29.04.2010 - Lettre ouverte de Brice HORTEFEUX au journal Le Monde à propos de l'affaire de Nantes

29 avril 2010

Brice HORTEFEUX, ministre de l'intérieur, de l'outre-mer et des collectivités territoriales, a écrit dans l'édition du journal Le Monde du jeudi 29 avril 2010 une tribune sur "l'affaire de Nantes".


Longtemps, j'ai lu Le Monde avec l'attention et le respect que l'on doit aux institutions vertueuses et rigoureuses. Je savais, en ouvrant le quotidien du soir, que j'allais y trouver une information précise, fidèle aux principes de son fondateur. De la trace laissée par Hubert Beuve-Méry, le journal avait su conserver l'essentiel : un attachement actif à la laïcité, un humanisme entier, un respect exigeant des droits des personnes.

C'est donc avec une certaine tristesse que j'ai pris connaissance, lundi, de l'éditorial du Monde.
« Stupide » et « indigne » : vous ne trouvez pas de mots assez forts pour dénoncer l'action conduite par le Gouvernement afin de mettre un terme au port du voile intégral en France. Et en appelant à ma propre « déchéance ministérielle », vous n'êtes pas loin de rejoindre Tariq Ramadan, qui m'accuse, lui, de « trahir les valeurs de la France ». Rien de moins ! Venant d'un rhéteur proche des Frères musulmans, qui n'a jamais clairement condamné la lapidation, cette leçon de républicanisme est une curiosité. Je regrette que vous vous soyez embourbés aux côtés de ce prédicateur aussi habile que pernicieux. Car je n'imagine pas que vous puissiez cheminer avec ceux qui prônent l'asservissement des femmes.
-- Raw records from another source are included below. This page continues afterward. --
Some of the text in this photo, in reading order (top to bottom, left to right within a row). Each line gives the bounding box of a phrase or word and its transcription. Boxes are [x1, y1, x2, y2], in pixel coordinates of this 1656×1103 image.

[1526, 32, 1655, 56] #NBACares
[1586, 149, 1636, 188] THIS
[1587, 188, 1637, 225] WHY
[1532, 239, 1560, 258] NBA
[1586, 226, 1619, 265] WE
A mon tour, je vous pose une question : où sont passés les principes du Monde ? Auriez-vous oublié que vous étiez laïcs, humanistes et respectueux des droits des personnes ?

Pour le dire autrement :  dans l'affaire de Nantes, fallait-il que le ministre de l'intérieur reste silencieux ? Fallait-il que je cache ce qui se tramait derrière les déclarations de cette femme tenant une conférence de presse pour affirmer, au nom de la liberté, le droit d'être enfermée derrière un voile intégral ? Fallait-il que je taise les éléments d'information dont je disposais, tendant à montrer qu'un individu appartenant à la mouvance radicale du tabligh, vivrait avec plusieurs femmes voilées, ayant douze enfants et détournant le système d'aide sociale ?
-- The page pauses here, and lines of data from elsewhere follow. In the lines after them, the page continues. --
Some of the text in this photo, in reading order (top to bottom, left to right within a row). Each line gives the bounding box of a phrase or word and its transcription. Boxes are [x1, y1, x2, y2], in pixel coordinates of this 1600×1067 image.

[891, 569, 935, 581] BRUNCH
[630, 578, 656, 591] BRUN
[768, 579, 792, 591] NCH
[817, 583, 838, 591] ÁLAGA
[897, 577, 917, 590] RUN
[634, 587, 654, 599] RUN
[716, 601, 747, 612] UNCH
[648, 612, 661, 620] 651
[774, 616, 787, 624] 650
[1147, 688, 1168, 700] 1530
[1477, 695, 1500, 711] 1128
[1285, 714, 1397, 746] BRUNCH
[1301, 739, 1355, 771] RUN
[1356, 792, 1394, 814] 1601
Mon silence aurait été une faute morale autant que politique.

Parce que la République respecte les droits des femmes, parce que la République refuse qu'elles soient emmurées, instrumentalisées, humiliées, parce que la République défend la dignité des personnes, je devais veiller à ce que l'autorité judiciaire puisse effectuer son travail. Le dossier est suffisamment grave pour que le parquet ait décidé d'ouvrir une enquête confiée à la police judiciaire.

Et il m'appartenait de saisir également le ministre de l'intégration pour examiner, en fonction de l'avancée de l'enquête, les conditions d'une déchéance de la nationalité française que cet individu a acquise par mariage. Car nous devons veiller au respect effectif de la loi. Lorsqu'un étranger devient français, c'est parce que la communauté nationale le reconnaît parmi les siens. C'est ce que le code civil nomme l'« assimilation ». Et c'est ce même code civil qui proclame que « la polygamie est constitutive d'un défaut d'assimilation ». Etre français, c'est une chance qui donne accès à des droits, mais c'est aussi un honneur qui suppose le respect de devoirs.

Je ne cèderai pas aux tenants du politiquement correct qui, toujours, préfèrent ne rien dire, ne rien faire, ne rien penser, pour ne prendre aucun risque. Je suis, pour ma part, convaincu que les responsables politiques ont un devoir de transparence. Je préfère déplaire au Monde que d'empêcher, par mon silence, la manifestation de la vérité, quelle qu'elle soit.